> **ACTIVITY**:
With the pictures left out, print exactly the lines below that run from the one containing "this 1728×1536 image." through the one containing "this 1217×1818 image.".

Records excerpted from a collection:
== Segment start ==

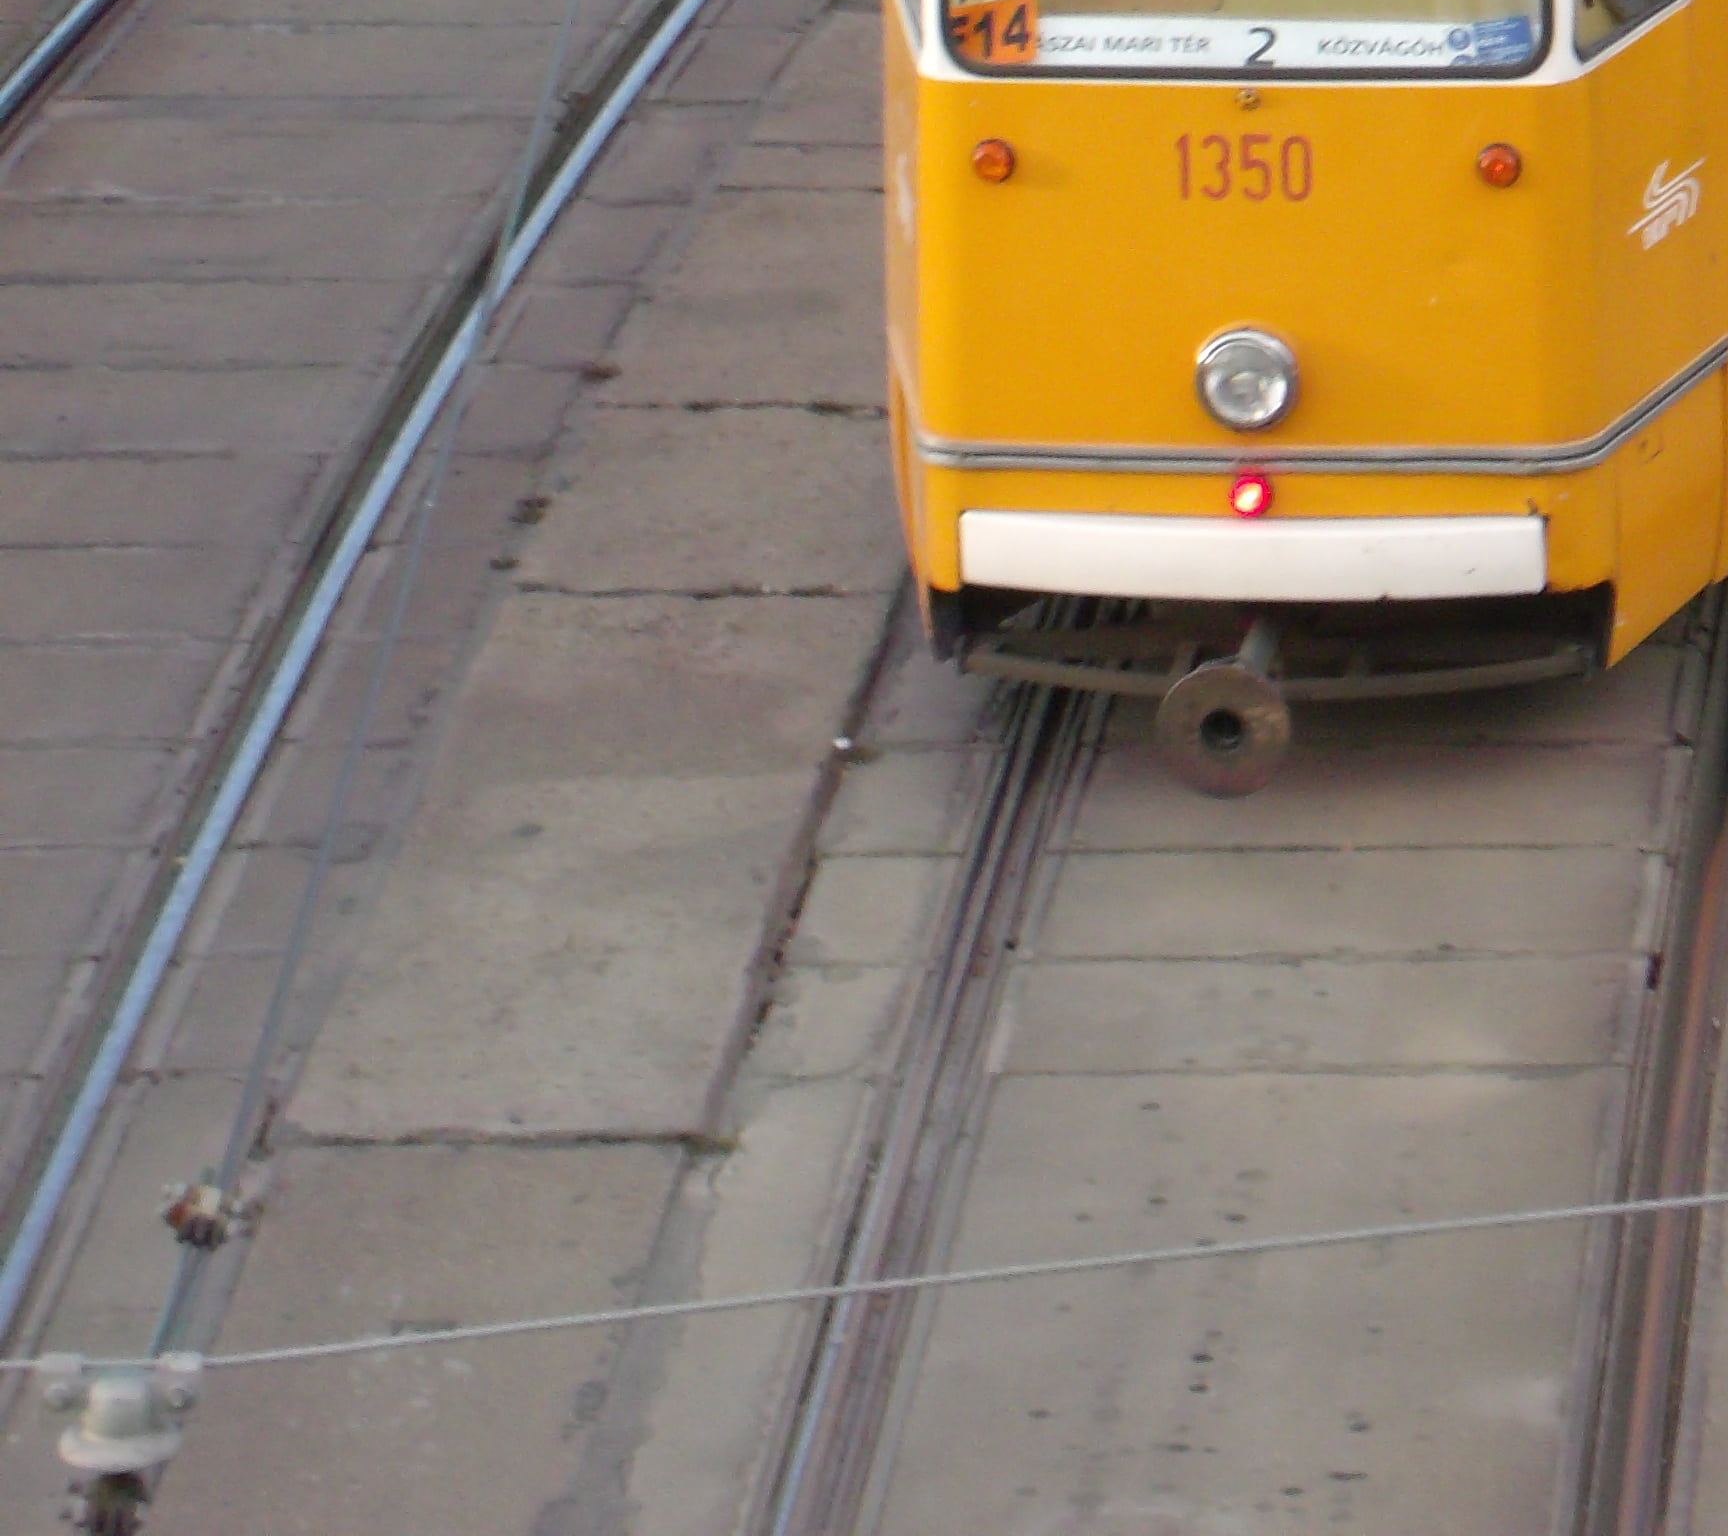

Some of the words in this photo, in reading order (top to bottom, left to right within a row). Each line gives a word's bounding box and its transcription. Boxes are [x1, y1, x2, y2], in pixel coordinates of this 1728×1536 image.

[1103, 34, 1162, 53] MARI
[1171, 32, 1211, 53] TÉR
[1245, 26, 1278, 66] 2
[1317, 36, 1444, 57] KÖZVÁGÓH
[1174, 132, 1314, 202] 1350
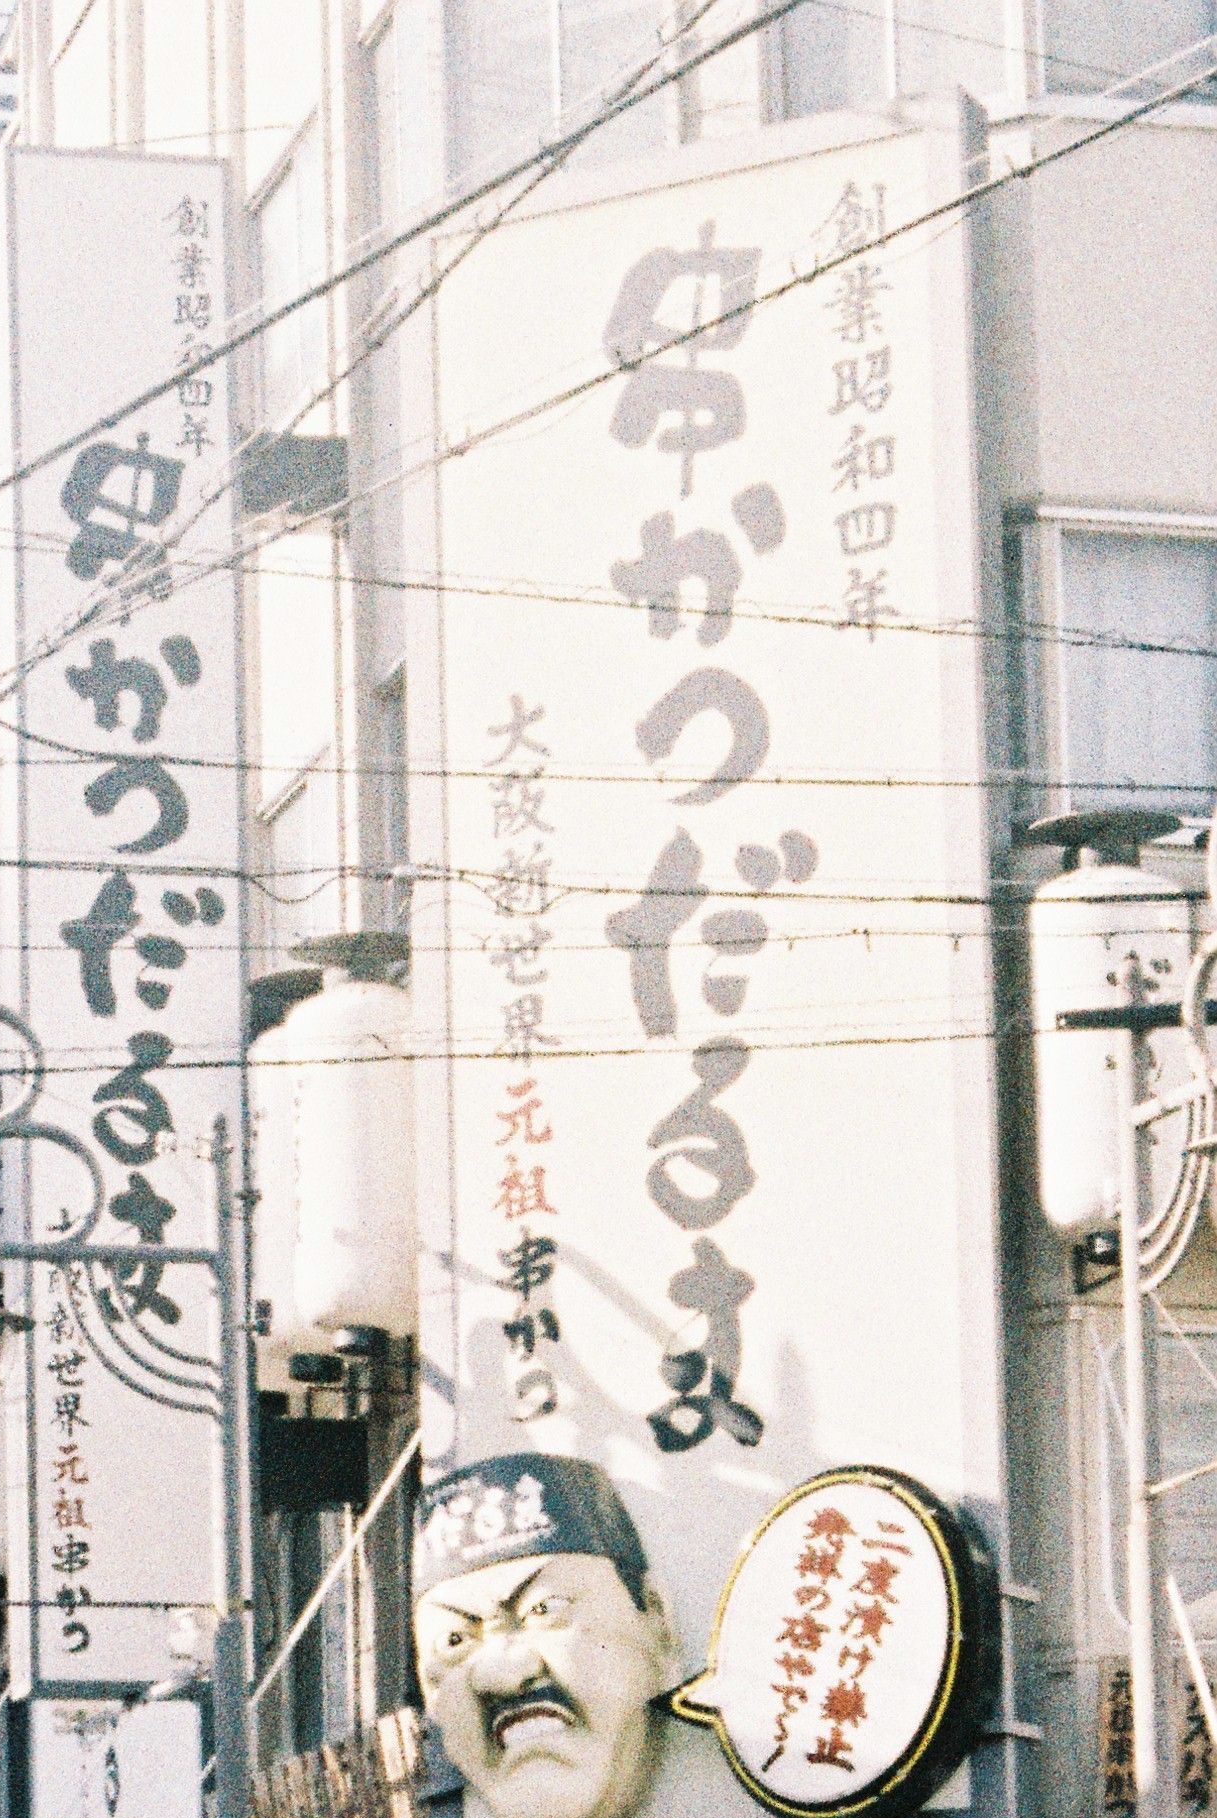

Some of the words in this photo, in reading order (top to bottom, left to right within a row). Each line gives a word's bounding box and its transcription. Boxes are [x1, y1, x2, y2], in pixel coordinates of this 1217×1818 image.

== Segment end ==
== Segment start ==

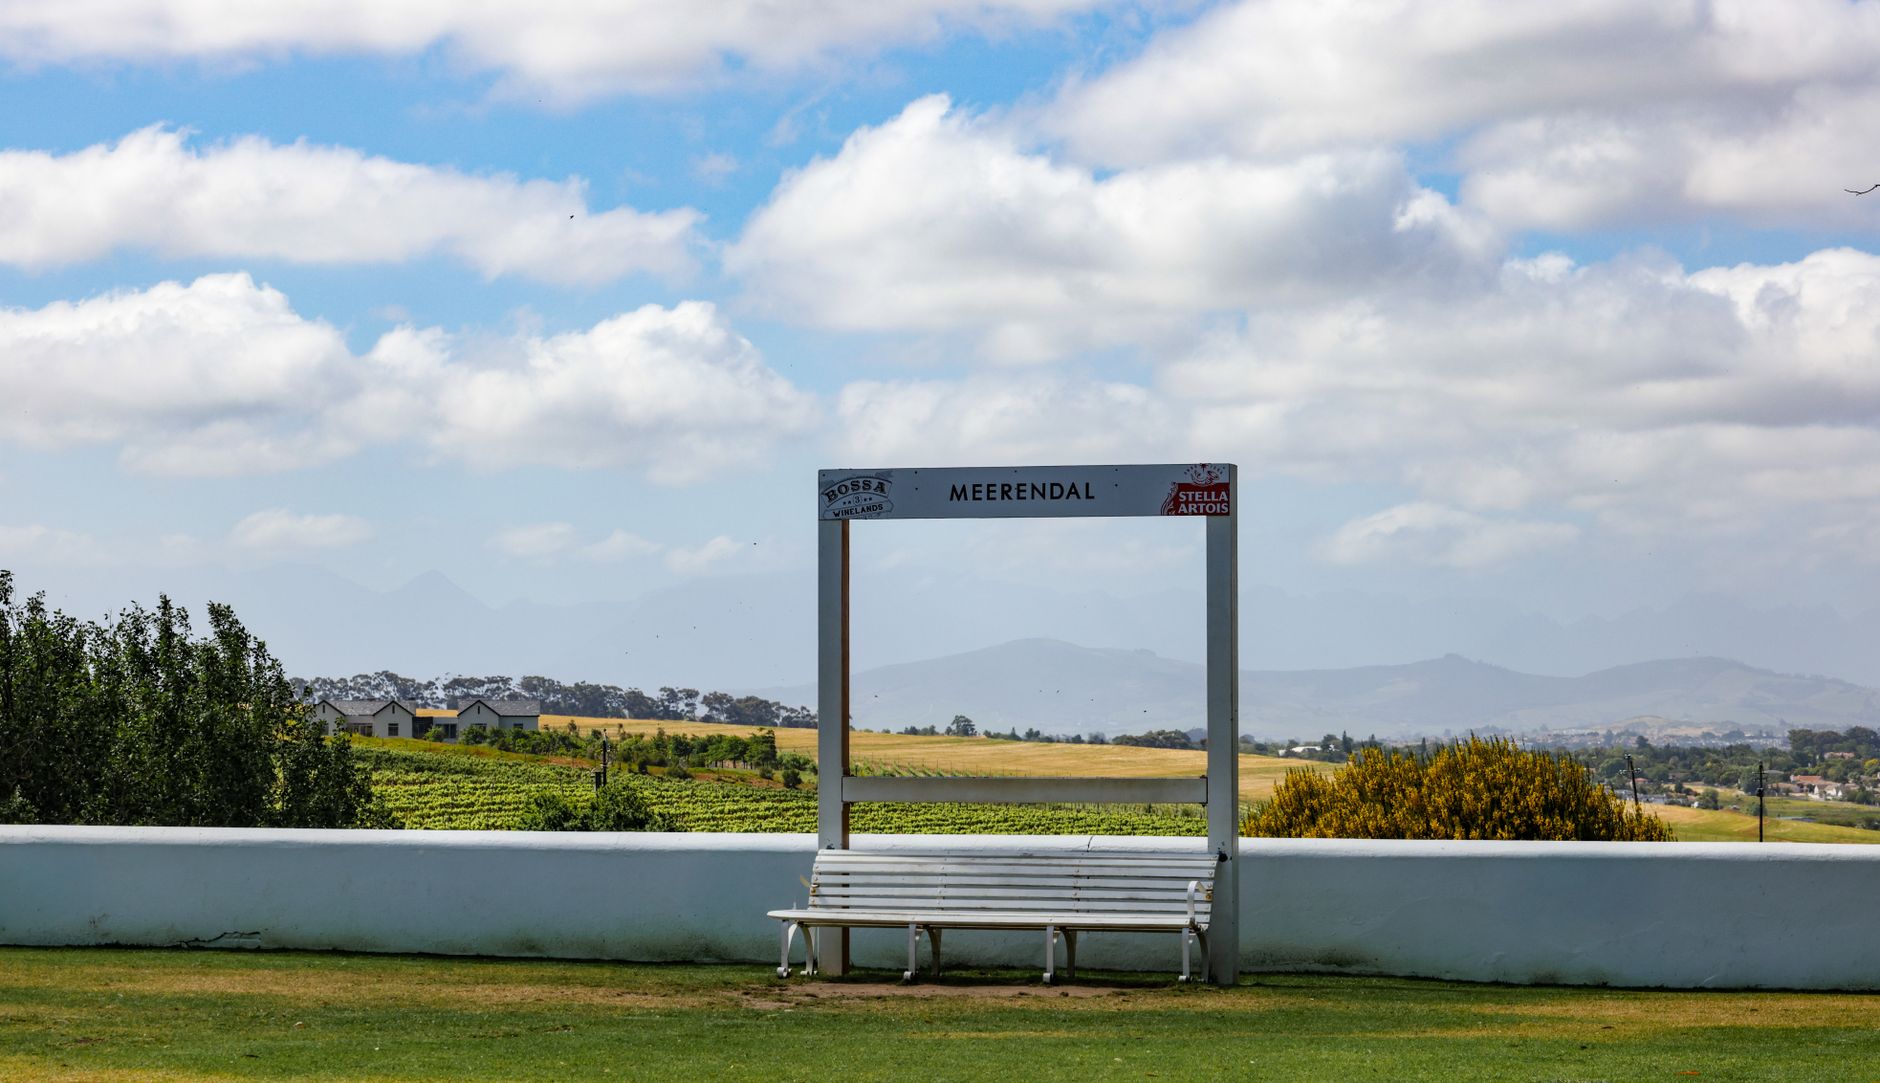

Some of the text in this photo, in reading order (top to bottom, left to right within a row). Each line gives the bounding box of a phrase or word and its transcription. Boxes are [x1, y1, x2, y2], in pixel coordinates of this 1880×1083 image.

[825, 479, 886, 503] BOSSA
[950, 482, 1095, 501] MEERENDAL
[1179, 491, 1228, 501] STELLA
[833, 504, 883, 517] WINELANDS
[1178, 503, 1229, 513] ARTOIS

== Segment end ==

> **REPLY TO THE TASK**:
Some of the words in this photo, in reading order (top to bottom, left to right within a row). Each line gives a word's bounding box and its transcription. Boxes are [x1, y1, x2, y2], in pixel coordinates of this 1728×1536 image.

[1103, 34, 1162, 53] MARI
[1171, 32, 1211, 53] TÉR
[1245, 26, 1278, 66] 2
[1317, 36, 1444, 57] KÖZVÁGÓH
[1174, 132, 1314, 202] 1350

Some of the words in this photo, in reading order (top to bottom, left to right within a row). Each line gives a word's bounding box and its transcription. Boxes are [x1, y1, x2, y2], in pixel coordinates of this 1217×1818 image.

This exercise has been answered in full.